A thing I don't understand from a musical point of view, but a thing I do understand from a historical and technical point. When  I talk to vibists, they say they can work fine with it. I think, it is like working with old 2.1Mpixel cameras instead of using the latest resolution and wide color depth currently possible.

I am talking about the strange 3 octaves range from F3-F6.

Originally I come from an organ background, started learn playing on a 2x 3.5 octaves keyboard. Guess what: I could work fine with it, and accepted. Untill I switched to a 2x 5 octaves keyboard: wow, that opened up to a lot of possibilities.

It took me a long time to realize why the weird F3-F6 range. I can understand a range C-C, but F-F??? Looking at the market and the history, I started to understand what was going on. 

It is a technical-historical reason. 

Striking a vibraphone bar, you're not triggering one single tone, but a bunch of tones/harmonics. The lowest one is (mostly) the most noticable tone, yet you also hear the higher harmonics/partials/modes . The higher you go in the range, the less noticable the higher harmonics will be. Yet, the lower you go, the more noticable these higher harmonics become, many times becoming more prominent than the base tone.
At the time the vibraphone was invented, manufacturers were able to only tune the base note. Going down in range, meant getting bars with too prominent overtones that didn't musically match the note. Later tuners learned to also tune a 2nd harmonic (double octave).
This allowed them to go down to F3. However, lower than F3 was not possible with just this 2nd harmonic tuned, as the bar would not sound good.

Manufacturers not offering ranges starting below this F3, meant vibists accepted and learned to use the offered range, not realizing this range acctually is weird and unnecessary, even accepting the range F3-F6 to be the standard. And who can blame them. The vibraphone is not a widely spread instrument, and most vibraphone players see and play maybe 2 brands in their life, so when and where do they even get the opportunity to learn more about the instrument? Don't shoot me, but I found that almost no vibist knows enough about the instrument itself, so it is obvious that they accept what manufacturers offers and many times are not capable of telling a manufacturer what they want. At the same time, I see too many manufacturers not understanding the instrument either, thinking it is just marimba with metal bars and a dampersystem. These manufacturers ask vibists what they want and they build it the way they are told the customer wants it. Result is that there is not much progress in the design of the vibraphone (no matter what manufacturers want to let you be believe).

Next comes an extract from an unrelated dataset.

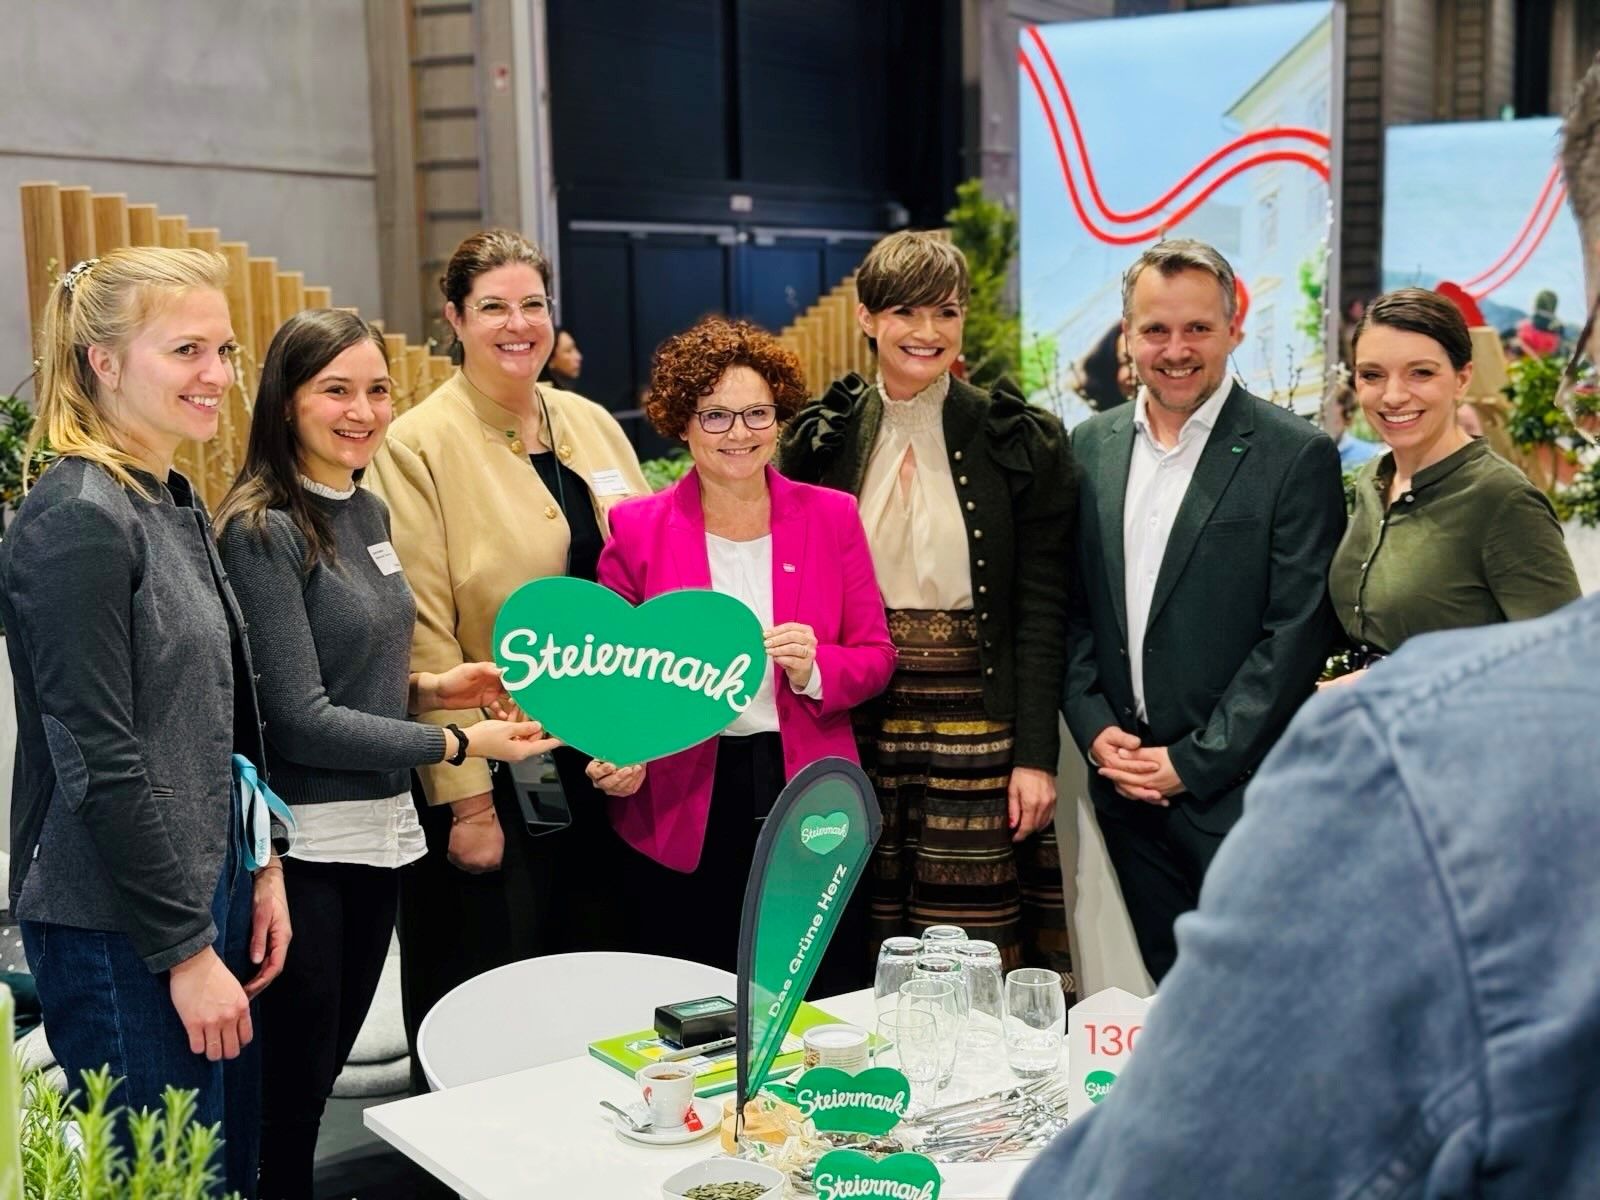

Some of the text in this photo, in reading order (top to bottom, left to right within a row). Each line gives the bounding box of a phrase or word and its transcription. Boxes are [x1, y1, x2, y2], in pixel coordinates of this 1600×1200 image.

When I started building vibraphones, I asked vibists how a vibraphone had to be. Their answer always was this:

  • it has to be 3 octaves from F3-F6

  • it has to have a small width pedal

  • the motorcontrol has to be on the player-facing rail on the right

  • the legs have to fold under the keybed when travelling

  • keybed has to be black

  • frame has to be black

  • instrument has to be lightweight

Sounds familiar? If I would have built a vibraphone like this, what vibe would I have made? 
It didn't take long for me to realize, I didn't want to build that kind of vibraphone, as it will not bring the vibraphone to where it has to be.

I started tuning more harmonics, making it possible to really get good sounding bars below F3. At the same time, looking at the environments the vibraphone is used (modern music, jazz), I noticed we need at least to have a range starting at E3 (guitar), better at D#3 (tenor/horns), but best at C3. This resulted in becoming a specialist in extended range vibraphones.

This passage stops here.